En el azud del Llobregat situado entre Sant Vicenç dels Horts y Molins de Rei se vierten hoy por hoy 600 litros de agua regenerada por segundo, cantidad que aumenta en un 25% el caudal del río actualmente. En quince días, serán 800. Si no llueve y la sequía persiste, pasando de la situación de alerta a la excepcionalidad, la infraestructura está preparada para verter 2.000. Siguiendo el cauce, el agua posteriormente será captada por la planta potabilizadora de Sant Joan Despí y se adaptará a diferentes usos. Este es un ejemplo de la organización del Àrea Metropolitana de Barcelona (AMB) y la Agència Catalana de l’Aigua (ACA) para guerrear contra la escasez del saldo más preciado. El uso de agua regenerada crece en la metrópoli barcelonesa.
Concretamente, en los últimos cuatro primaveras se ha multiplicado por quince.
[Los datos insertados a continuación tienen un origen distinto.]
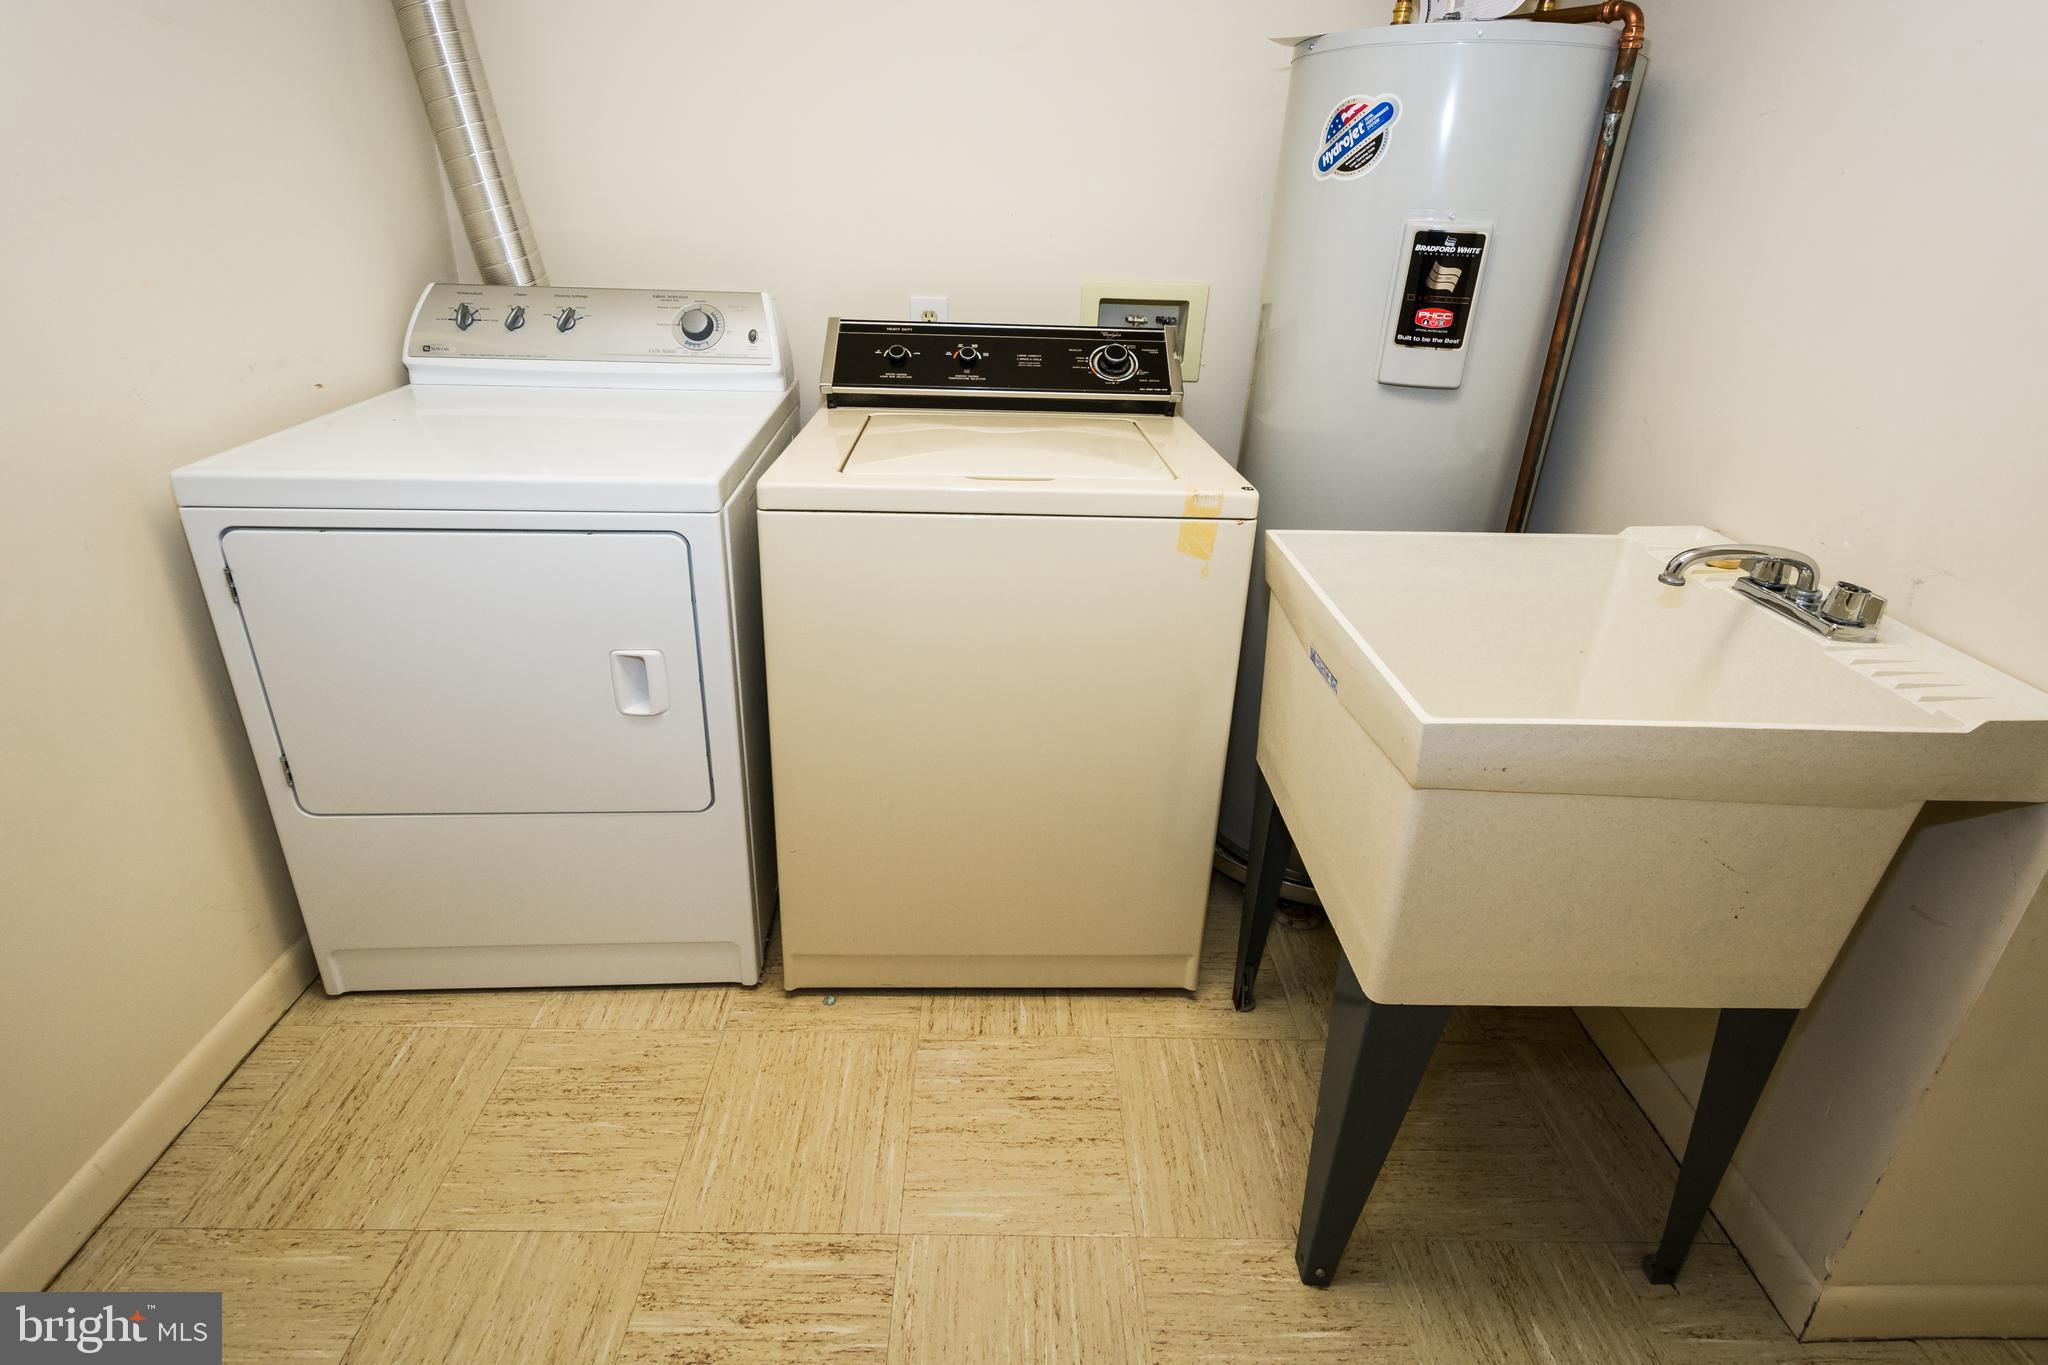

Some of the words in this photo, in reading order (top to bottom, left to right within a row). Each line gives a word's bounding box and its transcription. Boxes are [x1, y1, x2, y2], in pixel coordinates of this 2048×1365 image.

[1322, 121, 1365, 167] Hydrojet
[1415, 244, 1456, 253] BRADFORD
[1457, 246, 1482, 255] WHITE
[1418, 311, 1452, 320] PHCC
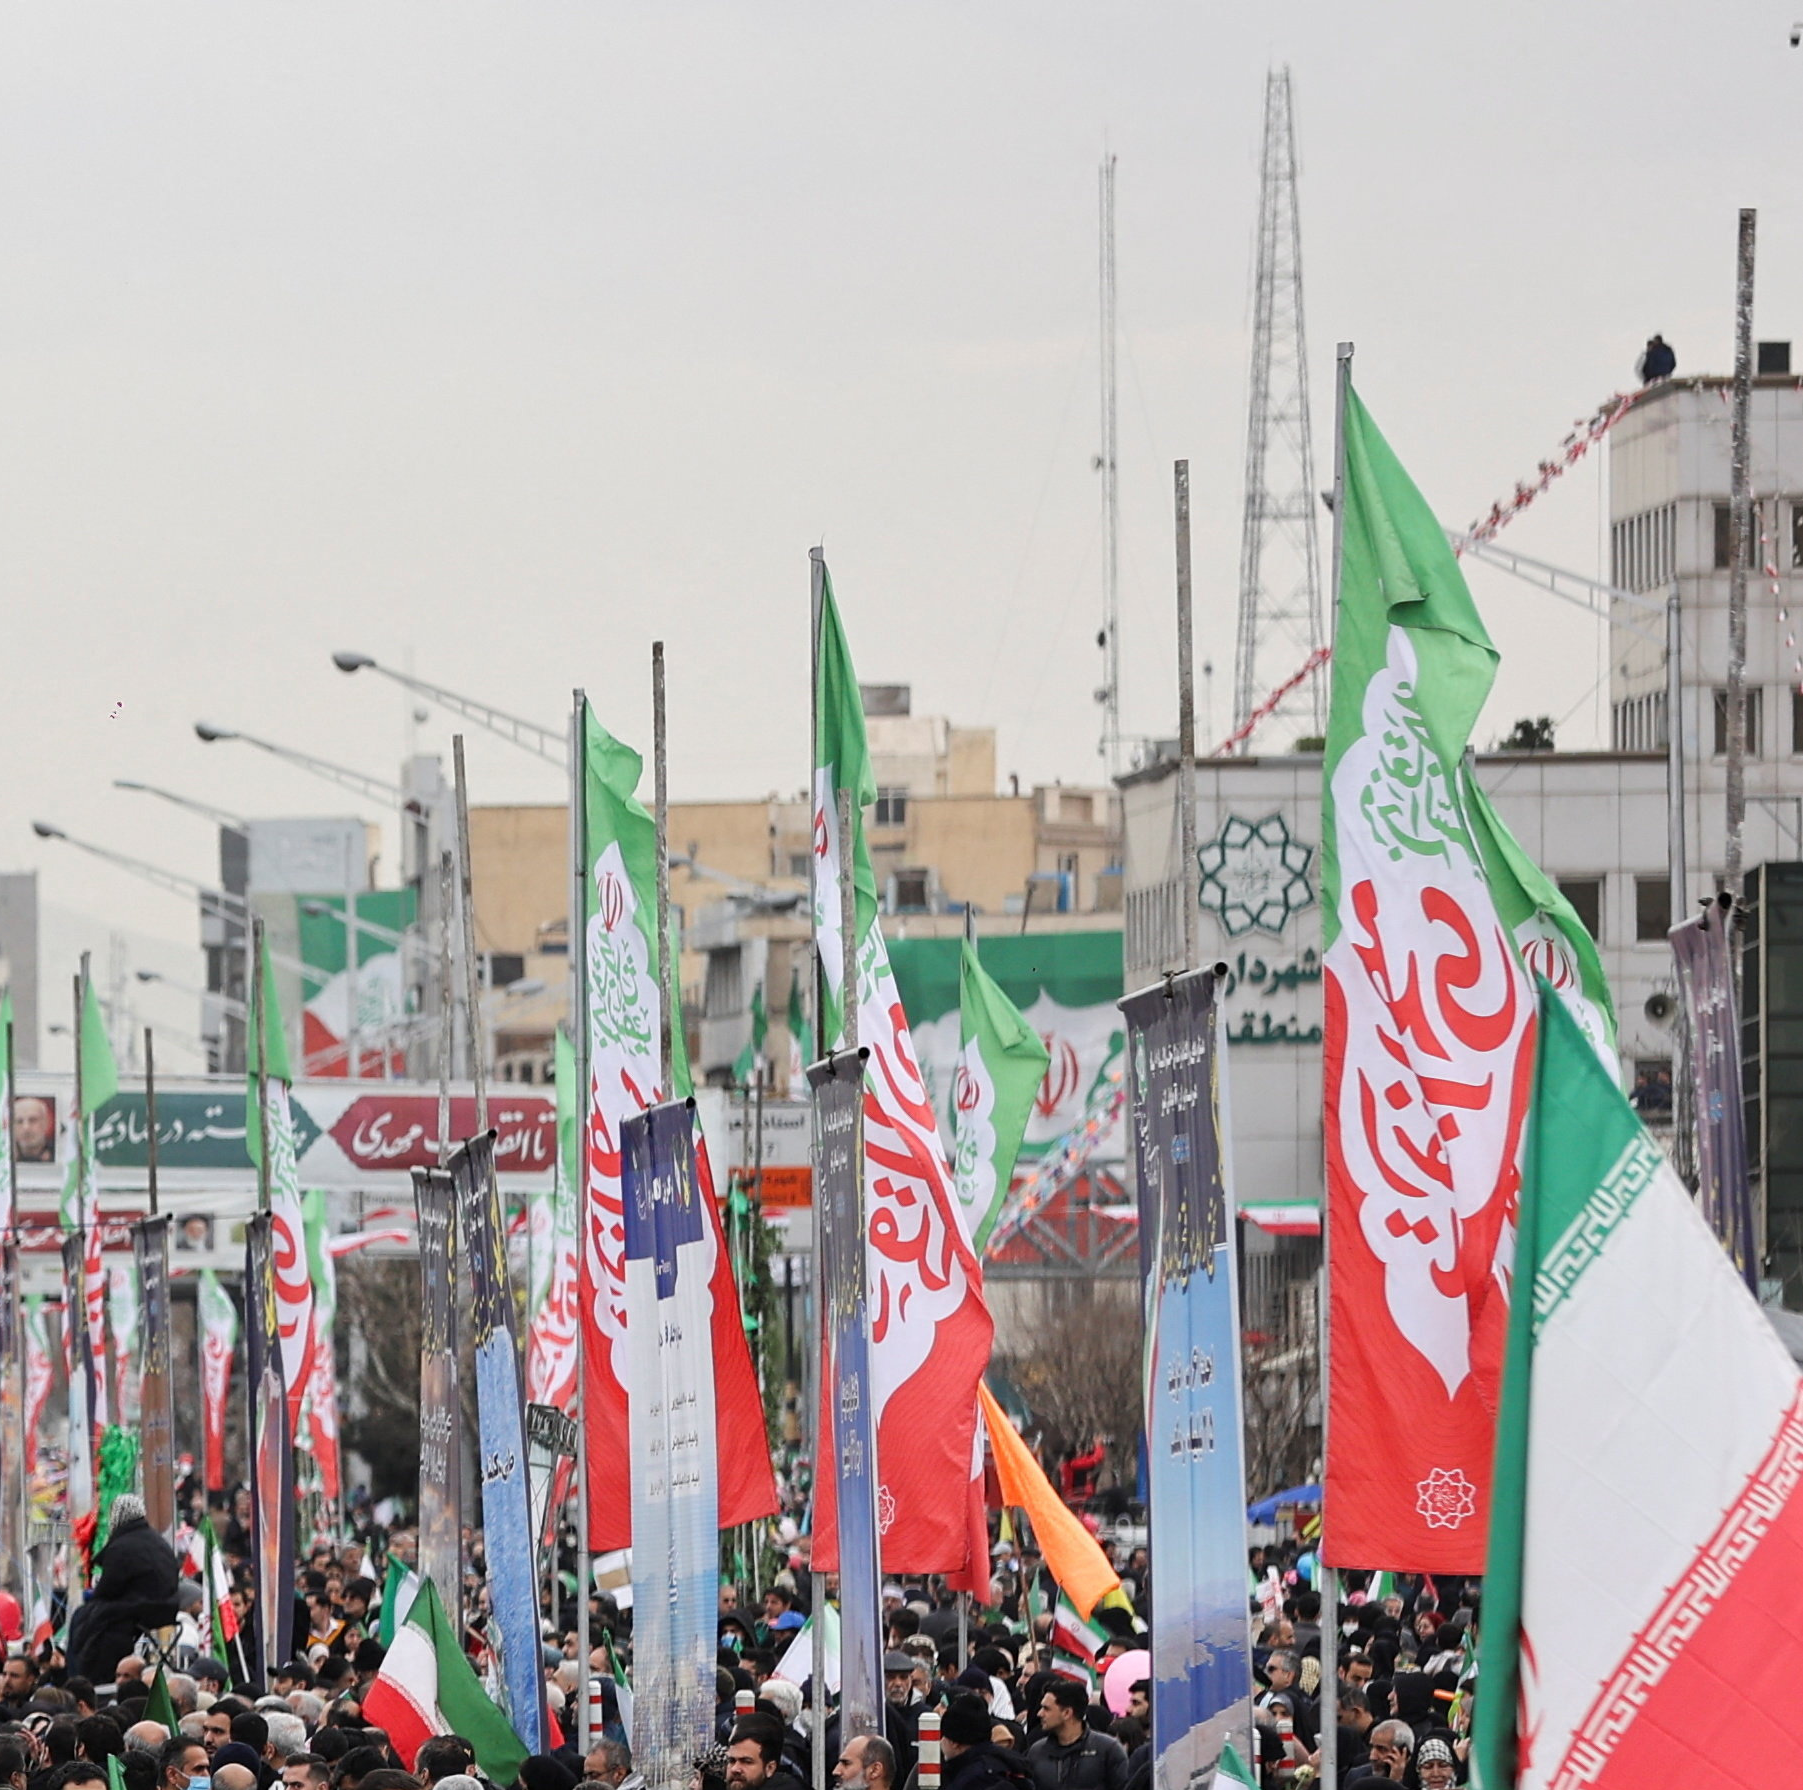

Se calcula que el 20% del consumo de agua potable en este zona densamente poblado proviene de la regeneración. Así lo explicaron este jueves desde este punto del Baix Llobregat el vicepresidente del campo de acción de Ecologia de la AMB, Eloi Badia, y el director de la ACA, Samuel Reyes.
En los próximos cinco primaveras se invertirán 120 millones de euros para aumentar el saldo reciclado
La intención es continuar con esta organización, esencia yuxtapuesto al uso de las desalinizadoras que aprovechan el agua del mar. Reyes remarcó que en los próximos cinco primaveras está prevista una inversión de 120 millones de euros para aumentar la regeneración de agua. “Los países con muchos medios hídricos no lo necesitan, pero no es nuestro caso”, remarcó Reyes. Se evita de esta forma consumir más agua de los pantanos, que continúan registrando niveles bajos.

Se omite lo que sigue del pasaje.